**What to work on**:
A verbatim transcription of the listing below is required, without its pictures.

**Source material**:
################

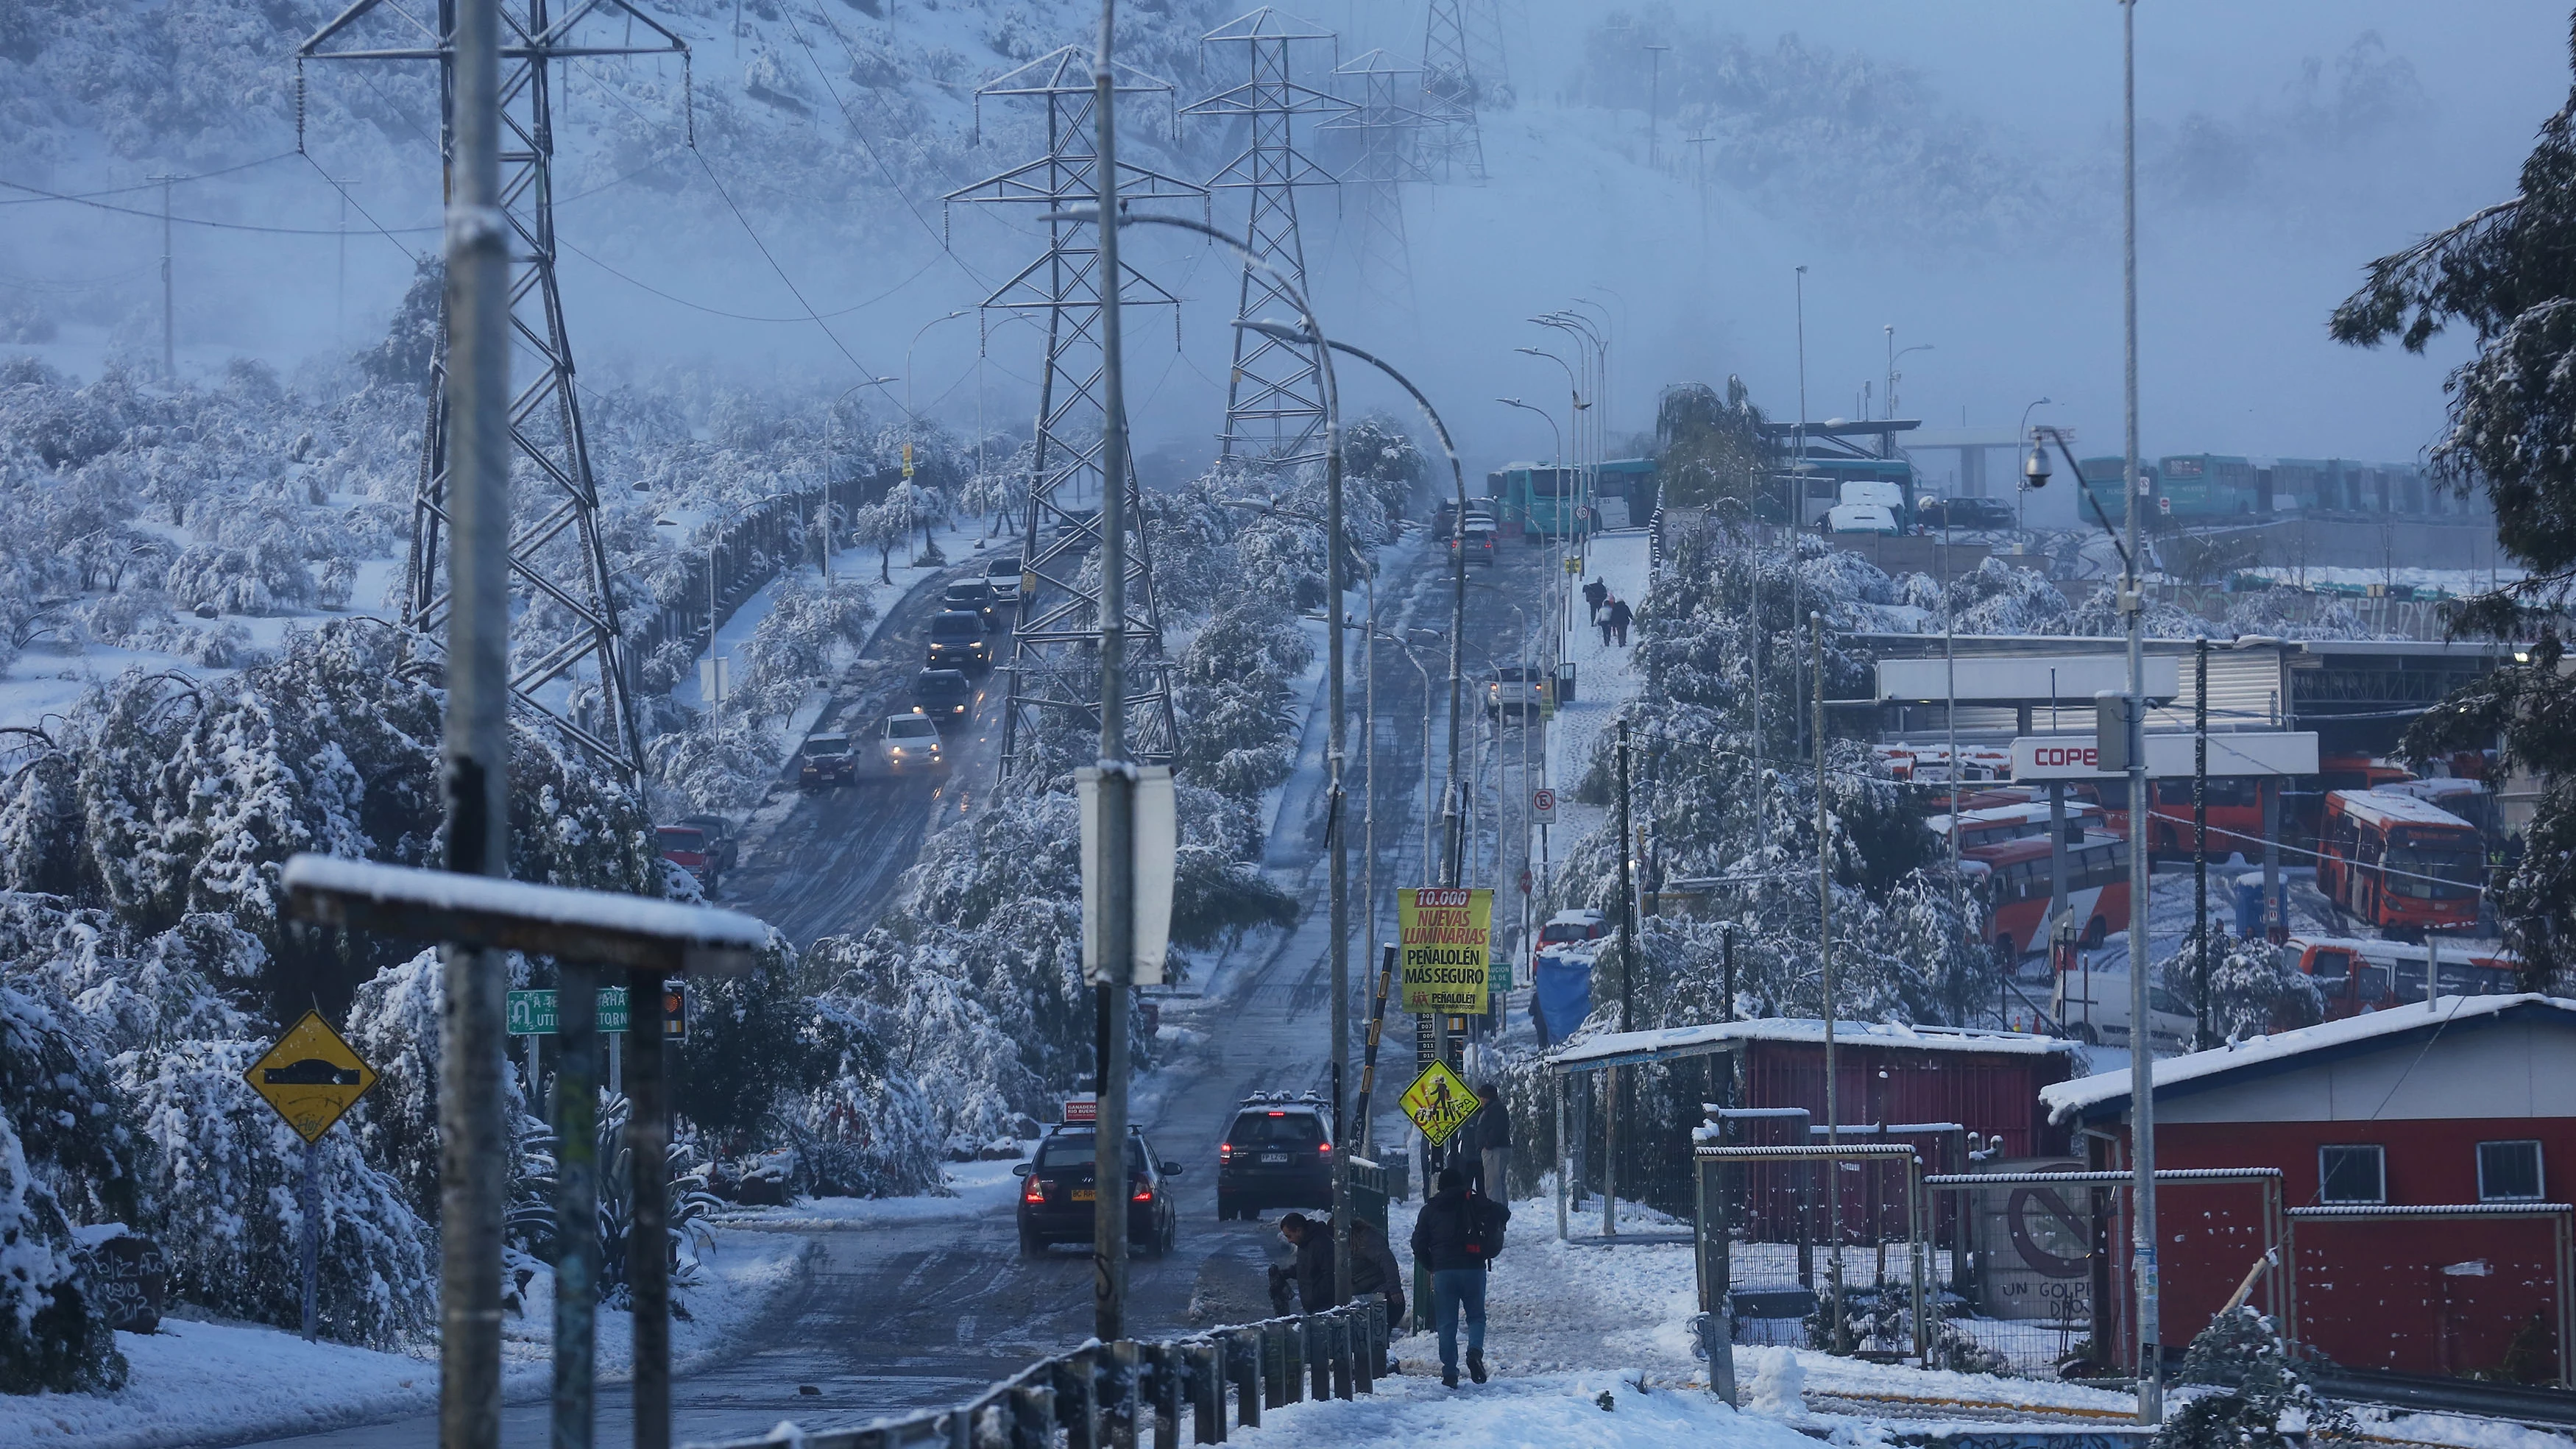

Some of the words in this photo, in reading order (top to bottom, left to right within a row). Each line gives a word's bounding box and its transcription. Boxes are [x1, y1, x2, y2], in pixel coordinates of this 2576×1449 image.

[2034, 748, 2098, 766] COPE
[1418, 891, 1467, 906] 10.000
[1417, 910, 1471, 927] NUEVAS
[1403, 927, 1487, 945] LUMINARIAS
[1407, 946, 1479, 965] PEÑALOLÉN
[1404, 966, 1433, 984] MÁS
[1434, 968, 1485, 984] SEGURO
[537, 1014, 559, 1027] UTIL
[2003, 1281, 2028, 1297] UN
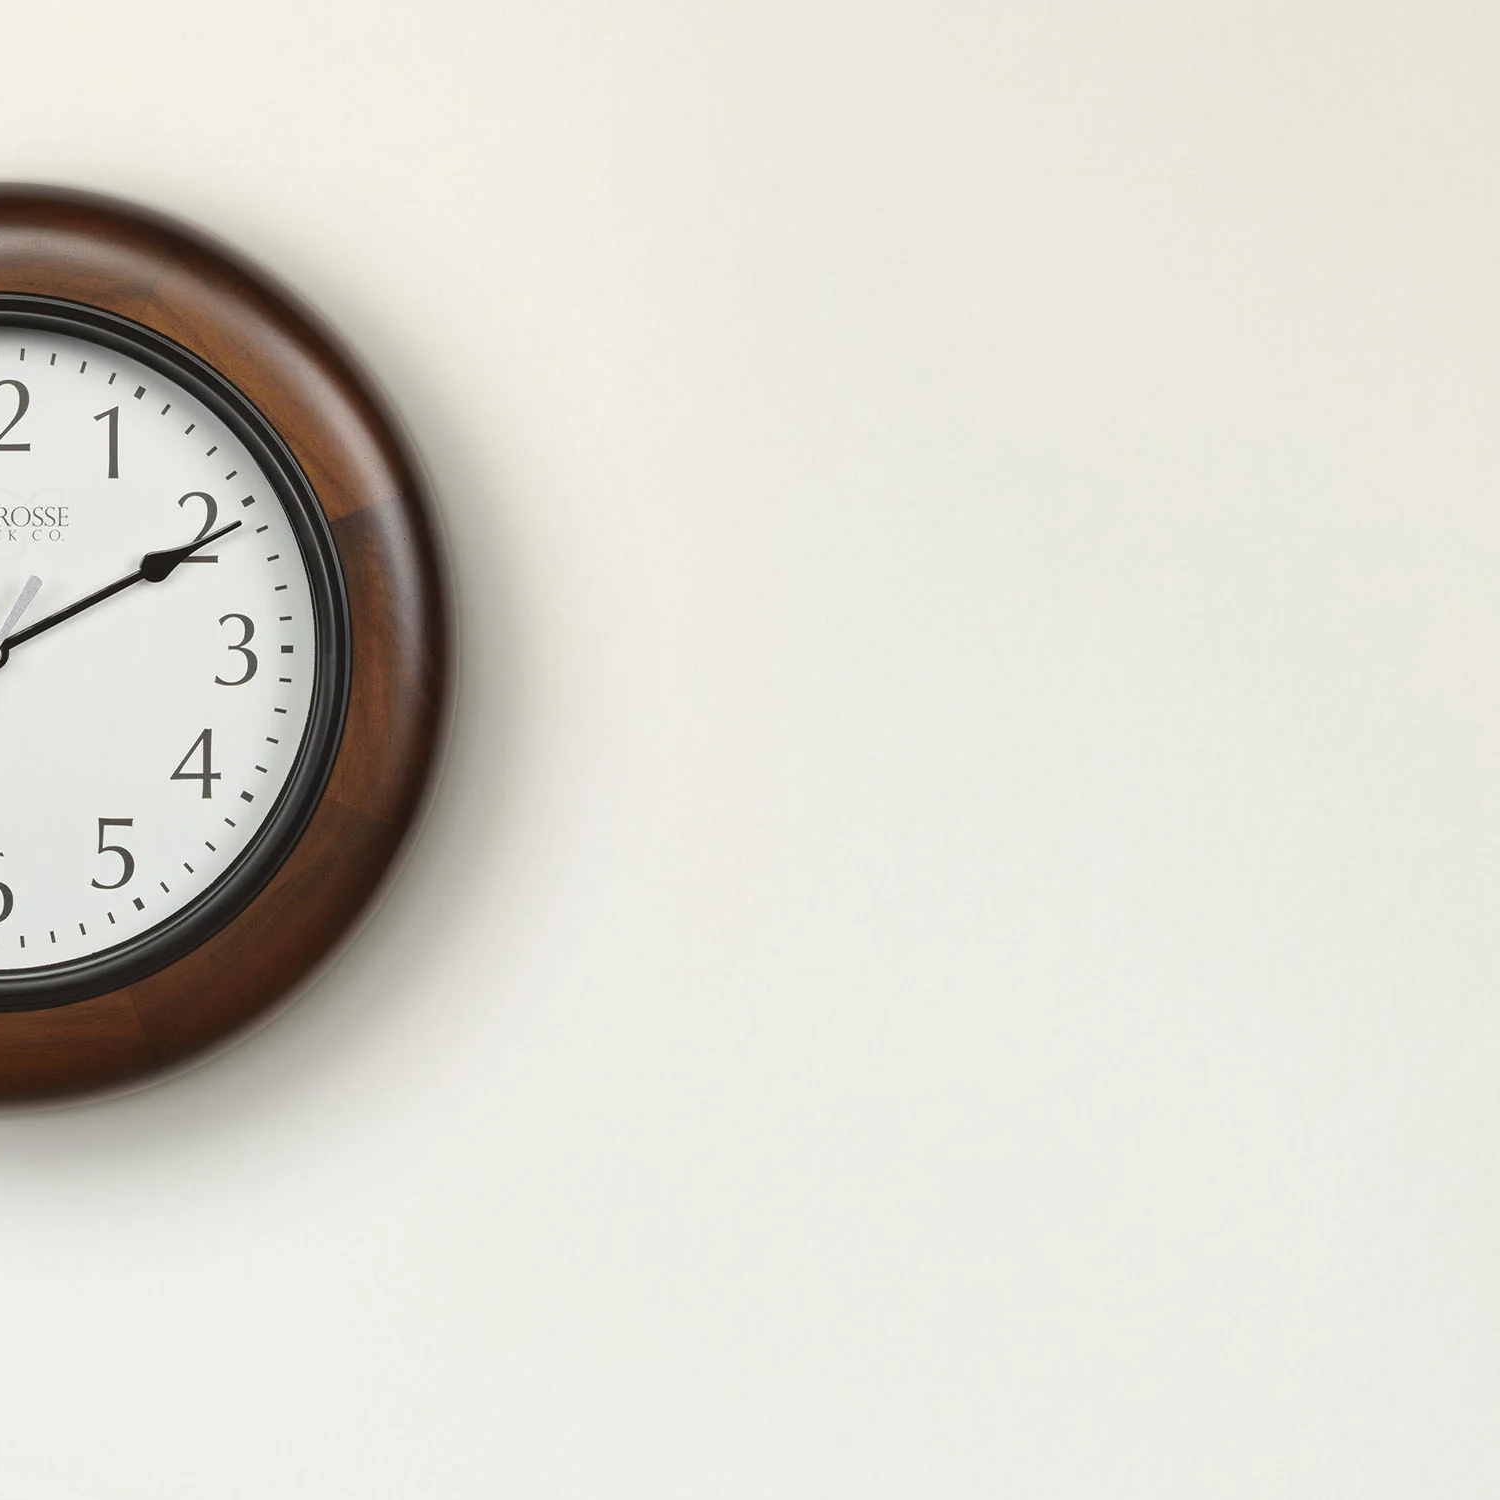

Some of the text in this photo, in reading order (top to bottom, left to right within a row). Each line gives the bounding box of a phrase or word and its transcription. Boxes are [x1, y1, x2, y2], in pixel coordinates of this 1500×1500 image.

[93, 405, 119, 479] 1
[31, 529, 66, 542] CO.
[175, 491, 219, 564] 2
[214, 613, 258, 686] 3
[169, 728, 222, 799] 4
[90, 817, 135, 890] 5

################

**Expected output**:
Some of the words in this photo, in reading order (top to bottom, left to right within a row). Each line gives a word's bounding box and its transcription. Boxes are [x1, y1, x2, y2], in pixel coordinates of this 2576×1449 image.

[2034, 748, 2098, 766] COPE
[1418, 891, 1467, 906] 10.000
[1417, 910, 1471, 927] NUEVAS
[1403, 927, 1487, 945] LUMINARIAS
[1407, 946, 1479, 965] PEÑALOLÉN
[1404, 966, 1433, 984] MÁS
[1434, 968, 1485, 984] SEGURO
[537, 1014, 559, 1027] UTIL
[2003, 1281, 2028, 1297] UN

Some of the text in this photo, in reading order (top to bottom, left to right within a row). Each line gives the bounding box of a phrase or word and its transcription. Boxes are [x1, y1, x2, y2], in pixel coordinates of this 1500×1500 image.

[93, 405, 119, 479] 1
[31, 529, 66, 542] CO.
[175, 491, 219, 564] 2
[214, 613, 258, 686] 3
[169, 728, 222, 799] 4
[90, 817, 135, 890] 5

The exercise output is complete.